User Account Control (UAC)

When reading articles online about solving problems related to programs not starting, not installing correctly or other similar problems, there is almost someone mentioning UAC.
Most of the answers to the problem says to turn of the UAC and see if that helps, but do you know what UAC does, more than showing you an “annoying message box”?
I can agree to a certain point that disabling the UAC will solve a lot of problems, but still, it does fill a function when it comes to safety.

Let’s start with opening the control panel for UAC. Click on start and type UAC, and you will see one result called: “Change User Account Control settings”. When you click on this you will be presented with the following window:

Click to enlarge

With a new installation of Windows 7, Default is automatically selected for you, giving you the best protection, with the least questions. I personally recommend using the default setting if you do not have other software protecting you. (Most antivirus software will not notify you of changes made to your system).

Okay, let us start from the top with Always notify. As it says, it will always notify you when software is being installed, a program tries to make changes to your system or even if you try to make changes.

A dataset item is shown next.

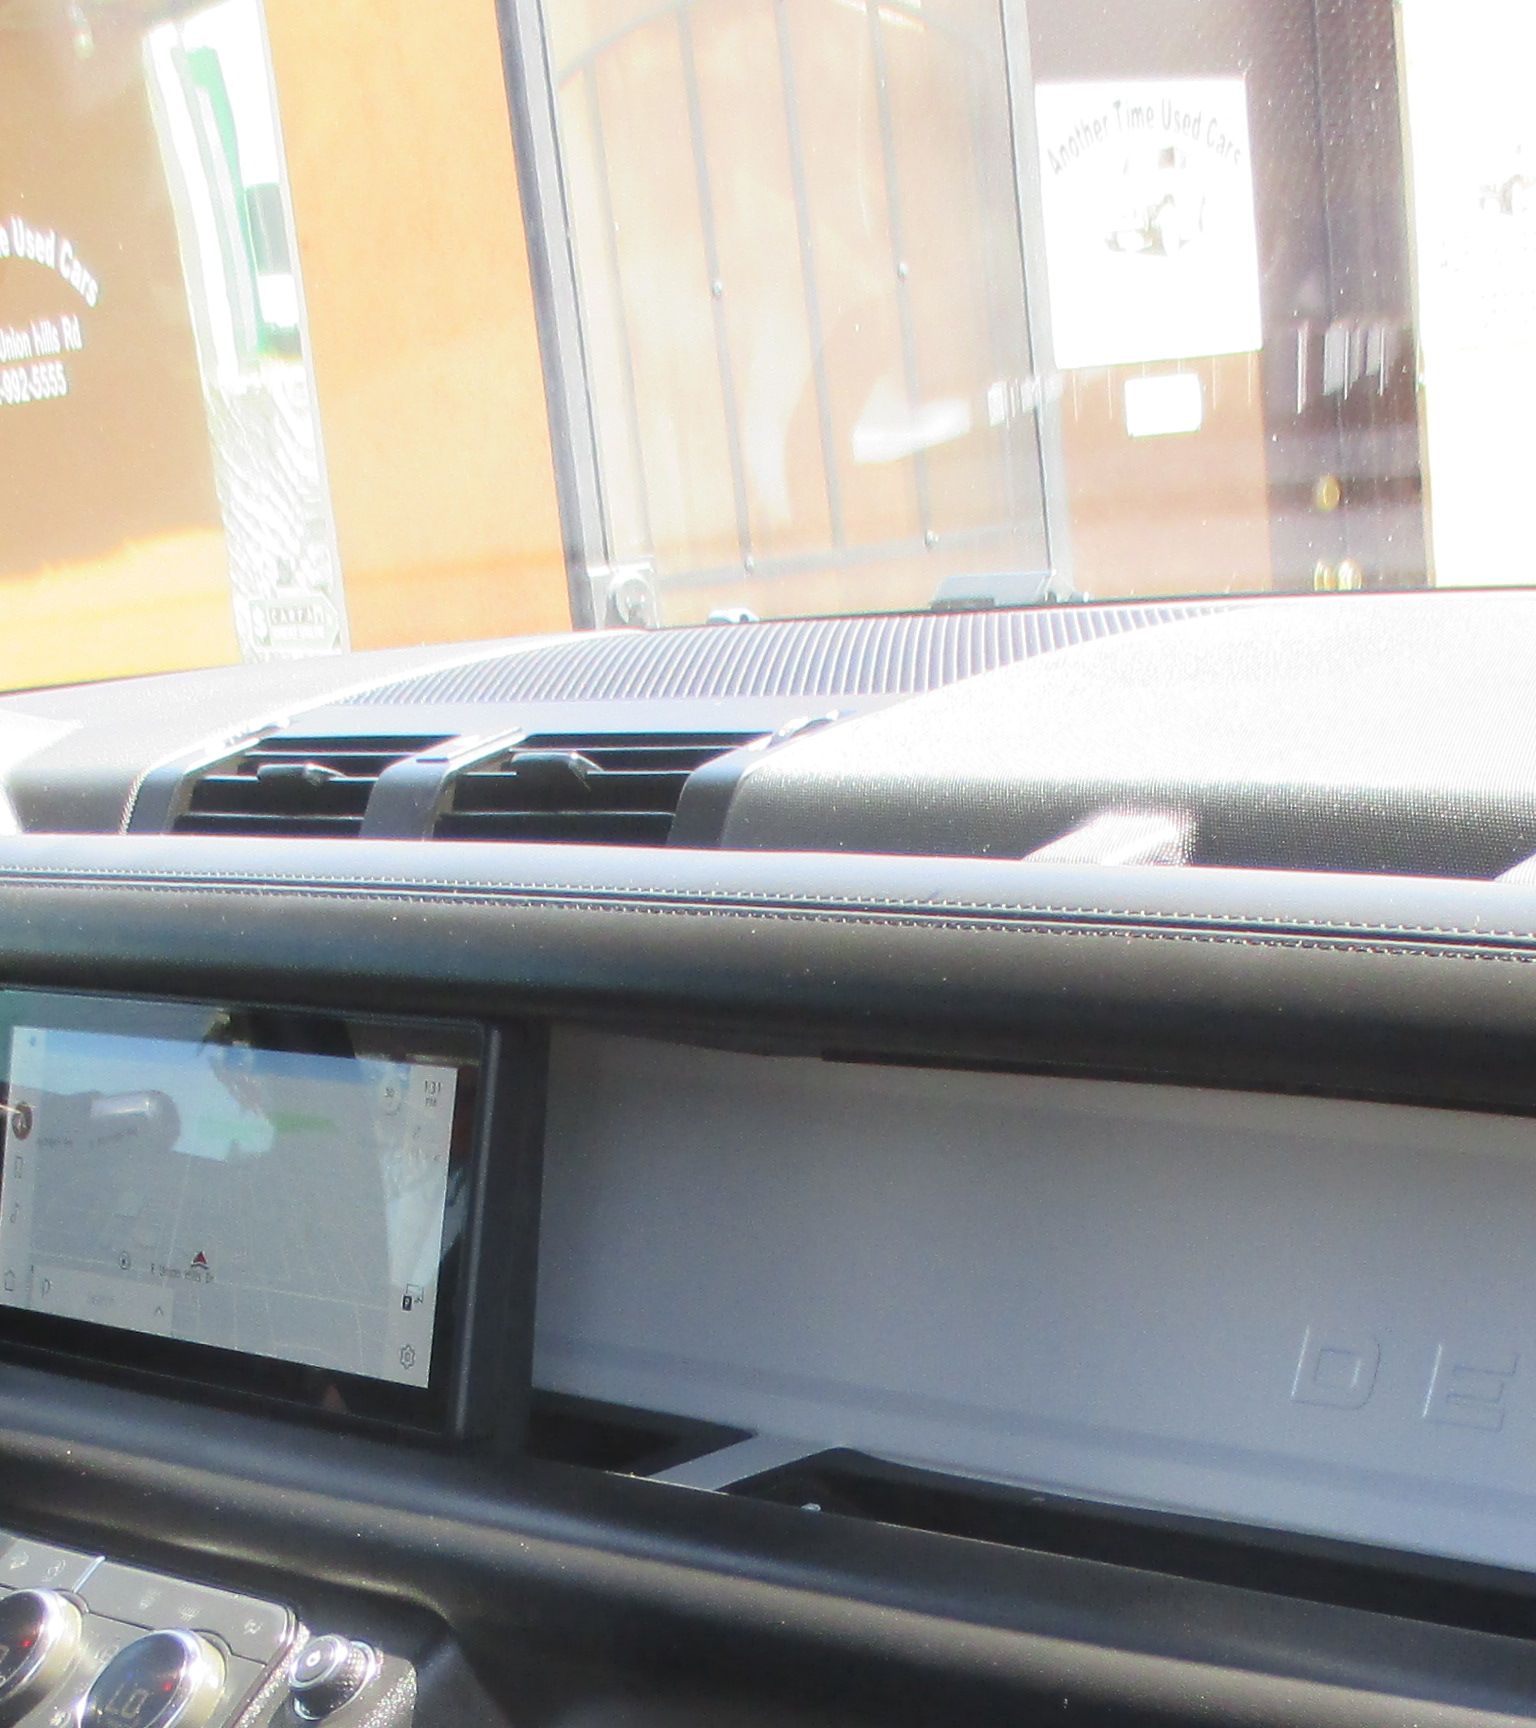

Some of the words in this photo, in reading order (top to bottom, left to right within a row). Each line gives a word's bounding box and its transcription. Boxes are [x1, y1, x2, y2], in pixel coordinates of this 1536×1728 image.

The step bellow is the Default, now you will only be notified if a program tries to make changes, for example if you install a new software. But not if you are the one making changes. So let’s say you have gotten a virus on your computer that tries to make some changes, adding new files for example, with the default setting you will be notified that a program tries to do something and you are able to see if it’s something you will permit or not. So it can pickup unwanted software trying to make changes!

Another step down we have the exact same as “Default”, but it will not dim your desktop. This is perfect if you are annoyed with the desktop getting dark and locked or if you are using an older computer that takes longer time on it self to dim the desktop.

The last setting is “Never notify”. When this setting is selected, you will never be notified by the UAC. This means that a software can be installed anytime with out your knowledge.

The recommended setting for home users is Default according to Microsoft. The only time I would recommend using “Always notify” is if you are installing applications from unknown sources, for example demo versions of software that you have downloaded or if you are browsing the internet, visiting websites that you normally don’t.

The only time I use “Never notify” is on my test machines, where I use programs that are not compatible with Windows 7. These computers are not connected to my network so if they get infected, it will be isolated to that computer and not the others.

So, to sum it up, disabling the UAC can help you with software issues, but when the application is installed, make sure you enable it again to keep your computer safe. The UAC can not protect your system alone though, you will still need an antivirus software.